The New England Center for Civic Life is dedicated to the teaching, practice and study of deliberative democracy. The Center's initiatives and research are based on the premise that in order to foster strong communities, based on principles of inclusiveness and equity, individuals must engage in thoughtful and civil dialogue. The Center serves as a resource for students, higher education professionals and community members.
The Center for Civic Life was founded in 1998 on the premise that engaged and deliberative communities are vital for a healthy democracy and for individuals to realize their goal of experiencing rich and fulfilling lives. Through creating and implementing initiatives that uses deliberative practices-whether in the community or in the classroom-the Center creates opportunities for people to become active producers of knowledge and engaged members of their communities.
“Explicit links are made between personal experiences and local, regional, national or global issues ... The Center's programs ask participants to think critically, listen attentively, examine assumptions, value diversity and publicly voice their ideas.”
Deliberative Democracy Frequently Asked Questions
Finding the answers to an ethical dilemma — a "What should we do?" kind of question — can present a significant challenge to any community. This kind of problem is usually persistent and seemingly intractable. Finding productive approaches to such an issue can be complicated by the fact that in our increasingly diverse society, people don't always share the same priorities or values.
Deliberative democracy is based on the idea that individuals must work together to identify issues of common concern and together develop approaches for addressing them. As people work through conflicting choices together, common ground is identified. Common ground is that place where individuals see how their goals are shareable, their values overlap and their interests intersect.
Deliberative democracy is an approach to democracy that puts people at the center and that is more "voice-centered" than "vote-centered." In this conception of democracy, individuals play a more robust role from the local to the global levels. Deliberative democracy is animated by the idea that public deliberation is essential for better and fairer solutions to problems we face in common, for a stronger sense of legitimacy for public processes and institutions and for stronger communities.
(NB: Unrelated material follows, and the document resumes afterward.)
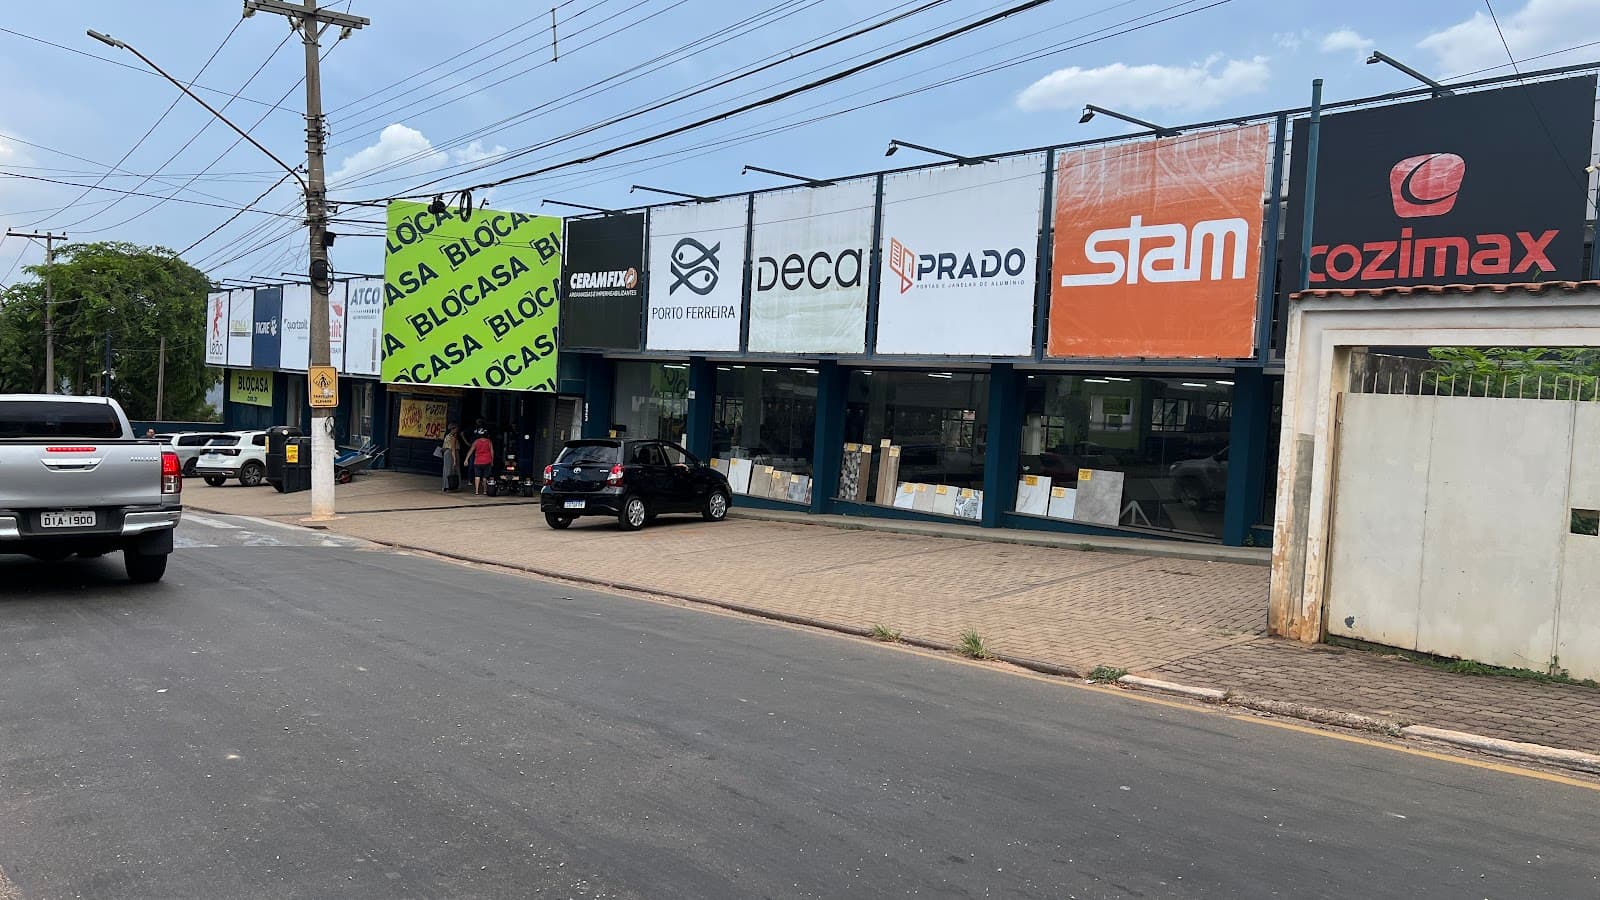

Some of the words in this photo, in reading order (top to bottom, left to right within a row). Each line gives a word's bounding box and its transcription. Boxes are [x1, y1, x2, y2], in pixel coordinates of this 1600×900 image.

Deliberative dialogue is a set of practices for communicating with others and addressing common problems and issues. These practices enable people to talk about difficult issues not only on the basis of knowledge, facts, and professional expertise, but also from the perspective of their deeper concerns, values and personal experience. These practices help participants speak not only as individuals, but as members of a community, not only as groups with competing interests, but also as a community with shared interests, concerns and goals.
Deliberative dialogues are structured conversations of varying lengths and formats with ground rules and a discussion guide that lays out a range of possible approaches to an issue-an issue book or an issue brief-that participants move through with the help of a trained moderator. The ground rules encourage participants to listen to each other, and to get beyond debating and other adversarial ways of communicating. Discussion guides or issue books/briefs frame the issue in a way that helps participants wrestle with choices and tradeoffs associated with making tough public policy decisions. Moderators encourage participants to weigh the advantages and disadvantages of various approaches to an issue that are laid out in the issue book or brief, and to reach for common ground in creating general directions for acting together.
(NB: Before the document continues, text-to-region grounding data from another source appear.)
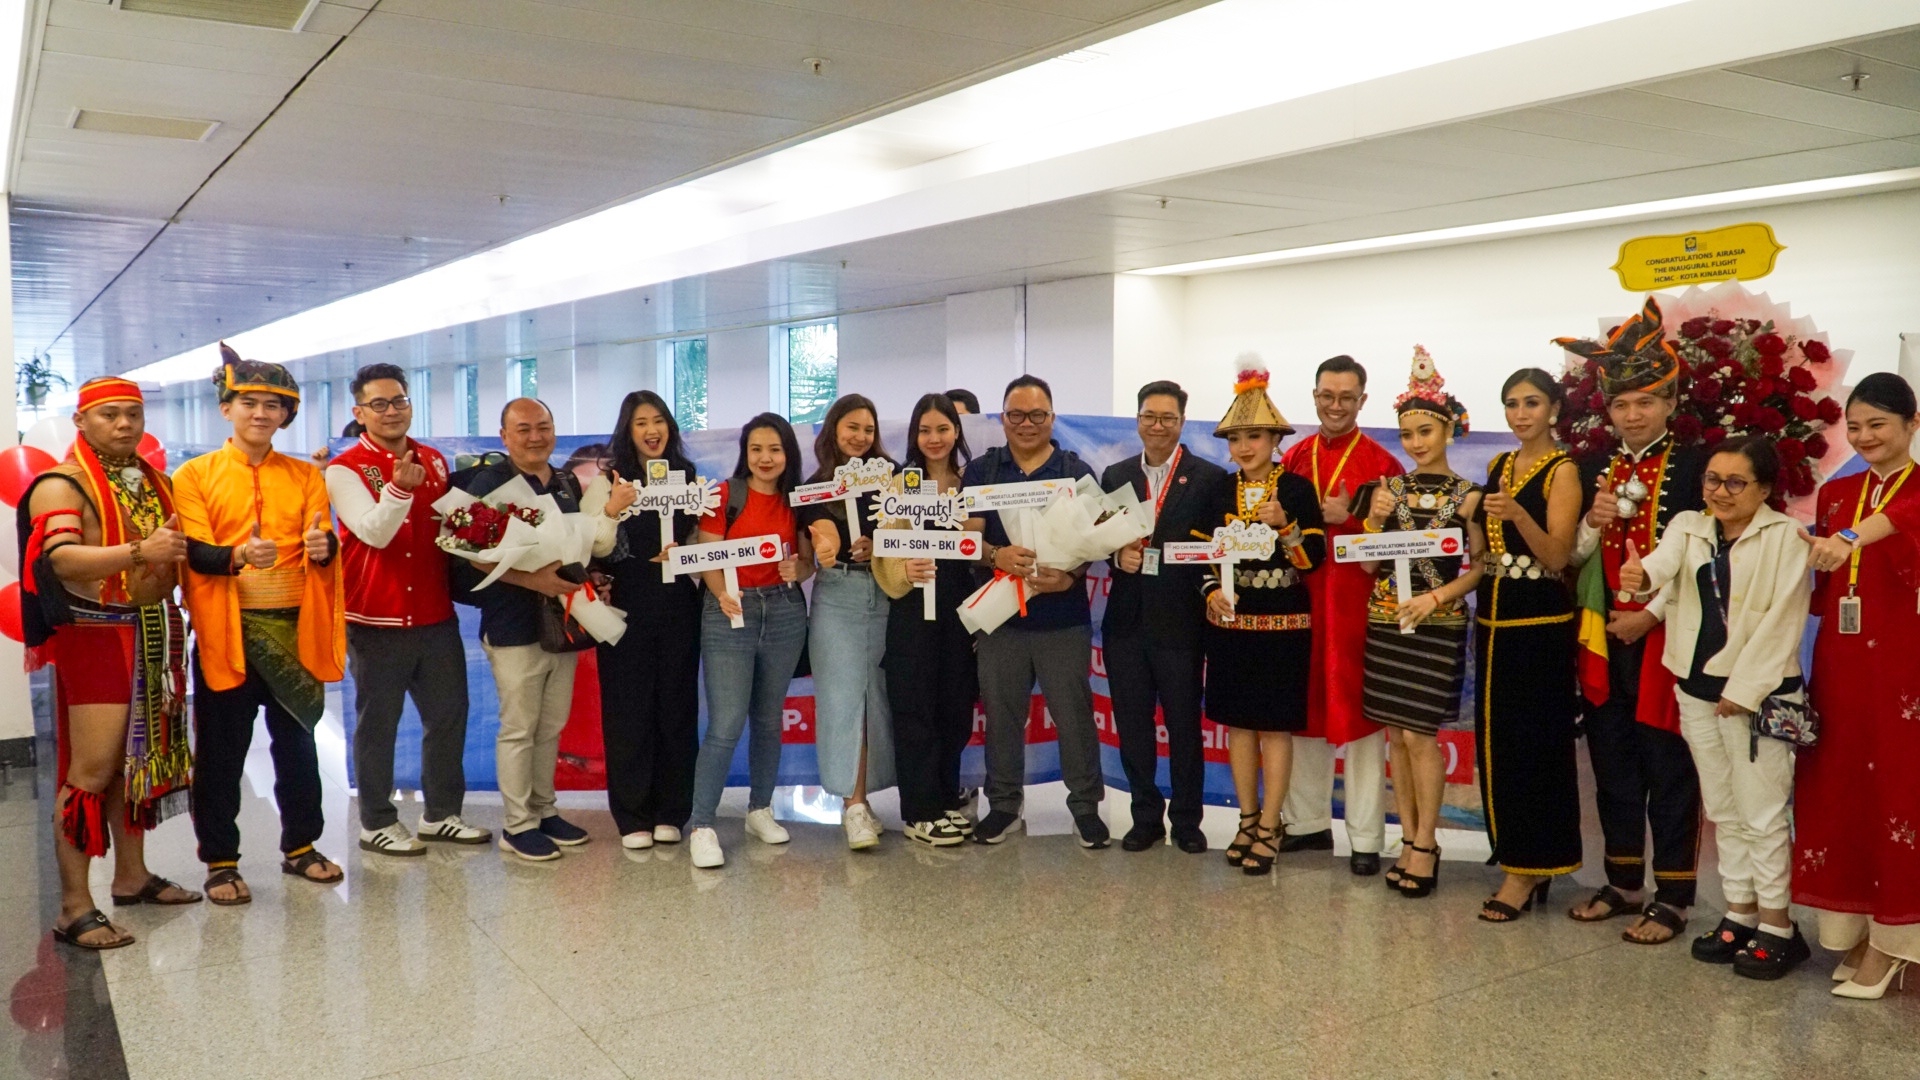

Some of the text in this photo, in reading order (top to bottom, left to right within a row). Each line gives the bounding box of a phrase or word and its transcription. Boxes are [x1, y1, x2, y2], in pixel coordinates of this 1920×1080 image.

[1646, 248, 1746, 266] CONGRATULATIONS AIRASIA
[1668, 263, 1710, 272] INAUGURAL
[1712, 259, 1737, 267] FLIGHT
[1654, 275, 1674, 283] HCMC
[1680, 272, 1698, 280] KOTA
[1700, 268, 1737, 278] KINABALU
[842, 467, 893, 488] Cheers!
[985, 493, 1027, 501] CONGRATULATIONS
[884, 497, 952, 526] Congrats!
[884, 538, 900, 548] BKI
[909, 540, 929, 550] SGN
[939, 541, 955, 550] BKI
[1220, 535, 1274, 557] Cheers!
[1359, 542, 1406, 550] CONGRATULATIONS
[680, 554, 698, 565] BKI
[707, 550, 729, 562] SGN
[738, 546, 755, 558] BKI
[1377, 549, 1408, 557] INAUGURAL
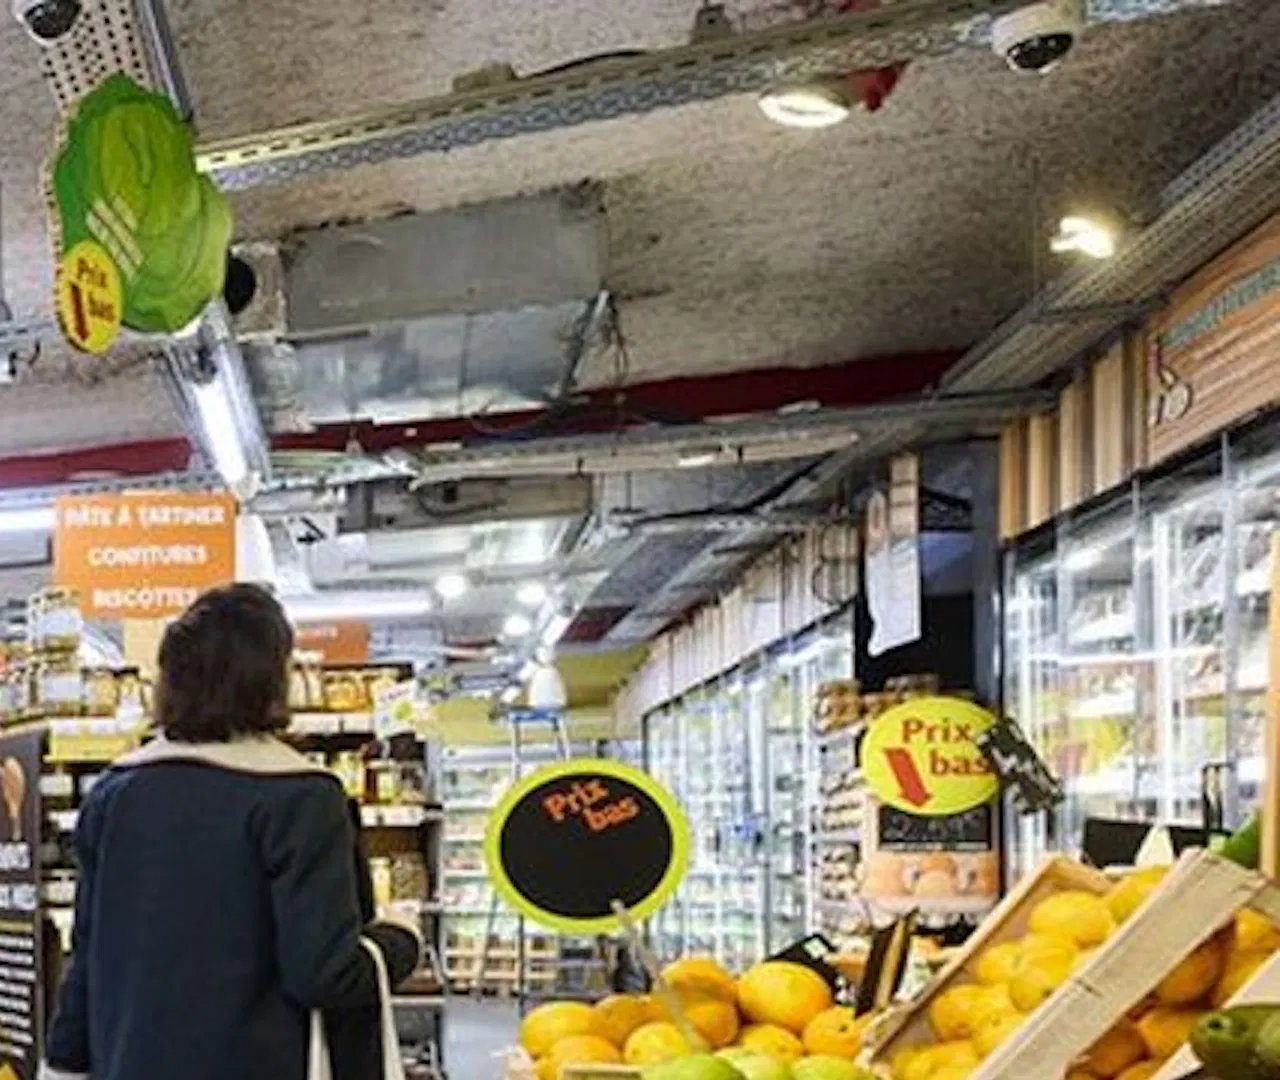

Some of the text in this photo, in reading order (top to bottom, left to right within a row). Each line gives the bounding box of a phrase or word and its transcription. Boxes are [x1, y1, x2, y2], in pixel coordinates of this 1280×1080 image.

[137, 505, 226, 526] TARTINER
[88, 545, 207, 566] CONFITURES
[901, 716, 973, 744] Prix
[928, 748, 991, 777] bas
[542, 777, 611, 822] Prix
[582, 796, 641, 832] bas
This is what is called doing "choice work." Deliberative dialogues are not debates, nor are they casual or superficial conversations. They involve thinking and reasoning together and working through conflicting possible choices with others in an effort to reach some common understandings and decisions about how to address and take action on an issue.
When citizens engage in deliberative dialogue about an issue and when a community has a habit of asking its members to make choices, the directions that are chosen often are better and they have a legitimacy that simply doesn't exist otherwise. Citizens catch the bug of being engaged and of taking ownership of problems. They talk about what they can do, not what others ought to do.
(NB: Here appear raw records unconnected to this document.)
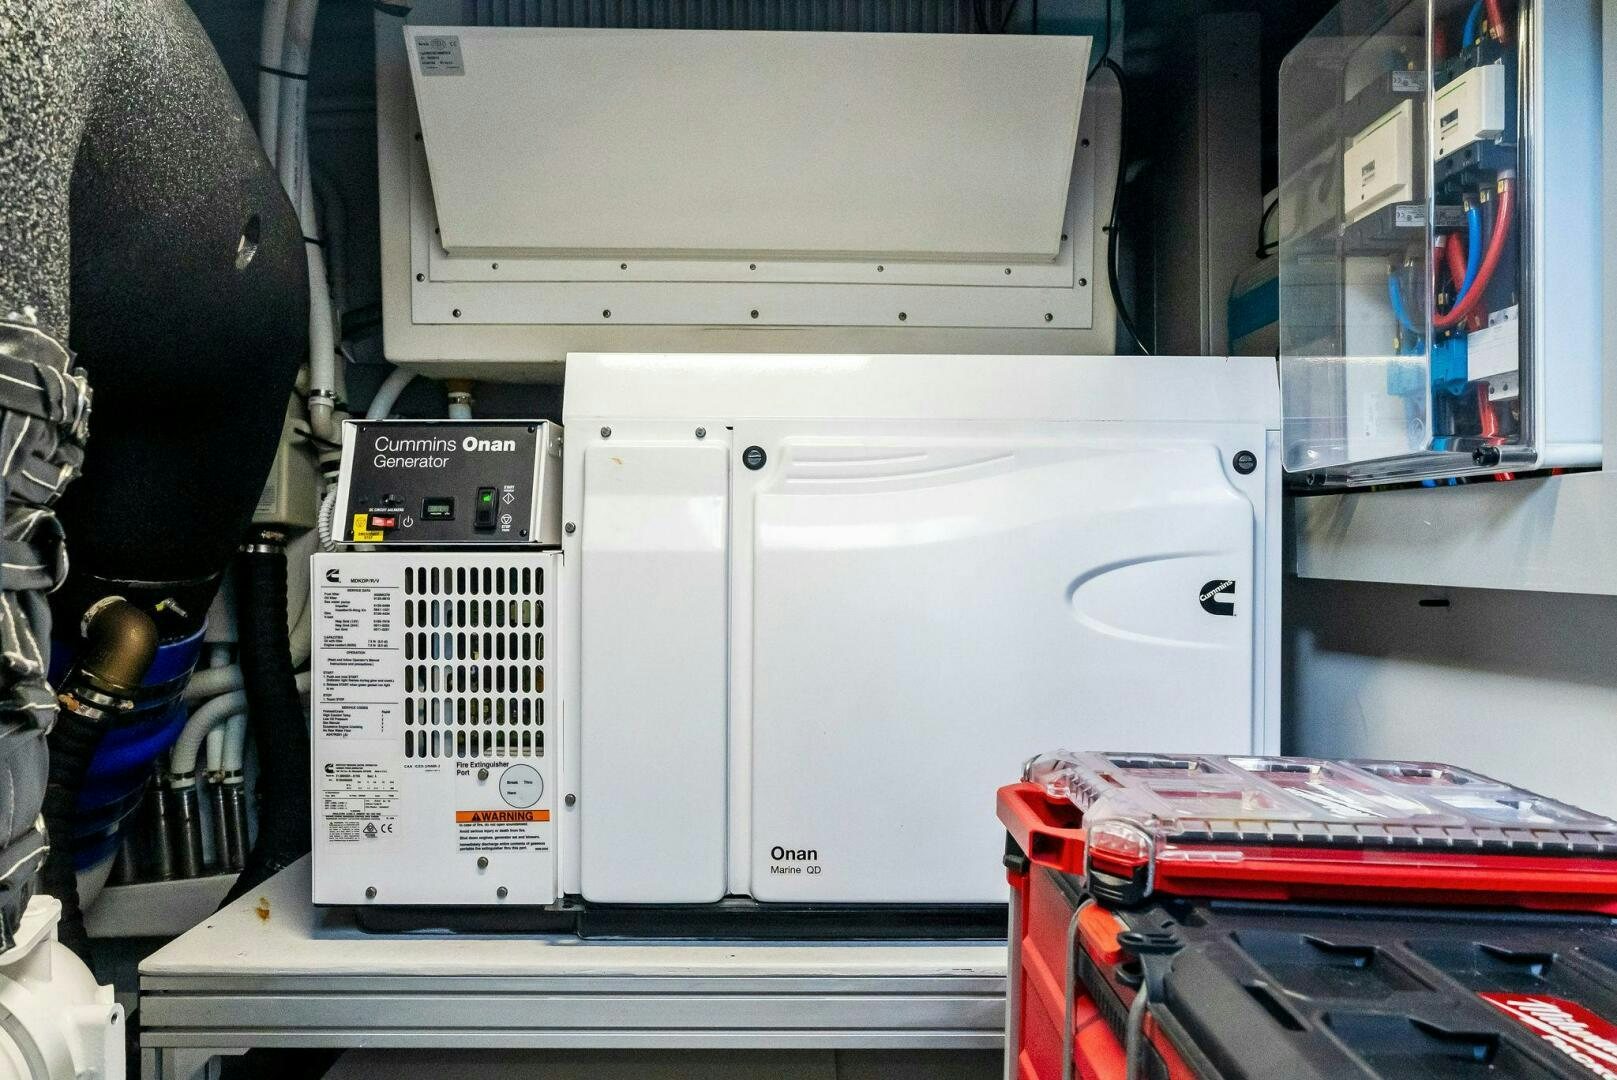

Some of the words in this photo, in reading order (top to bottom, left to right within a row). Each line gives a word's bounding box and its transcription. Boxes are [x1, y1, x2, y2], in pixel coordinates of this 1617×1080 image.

[375, 436, 456, 452] Cummins
[462, 436, 516, 452] Onan
[374, 454, 450, 468] Generator
[1200, 579, 1233, 601] Cummins
[482, 811, 533, 821] WARNING
[771, 846, 817, 860] Onan
[807, 866, 821, 874] QD
Deliberative dialogue is a way of making a connection with others in your community that you don't usually interact with and to an issue that can often feel too big to influence or too impersonal to relate to directly. Participants in deliberative dialogue forums are able to see their personal stake in public issues because they are encouraged to draw on their own values, concerns and life experiences as well as on pertinent facts and technical information in addressing those problems. And because they are doing this in the company of others engaged in the same thing, they are able to make stronger connections to others, especially with those whom they might not otherwise associate.
Participants in these dialogues develop a public voice, and they are transformed by that experience. Someone who may seem intellectually unable or inarticulate will begin to show their thoughtfulness and develop their ability to speak with more facility about issues in public. The practice has a way of sensitizing people to the life experiences and interests of people that are significantly different from themselves.
So, as they become more active and powerful participants in their communities, they also become more empathetic. They develop into stronger and more confident individuals while simultaneously becoming more connected to others, and often with people they have not been able to relate to before. When citizens develop these qualities and capacities, the conditions for significant social change are in place. People are enabled to act differently because they have learned to talk and listen to each other differently.
And often something new-some new understanding, some new insight or idea for acting differently to address a problem-gets created as a result, an idea that no one individual or group of individuals had in mind fully going into the dialogue. When that happens-as it almost always does to some degree-one realizes the truth of the idea that we are more together than we are alone.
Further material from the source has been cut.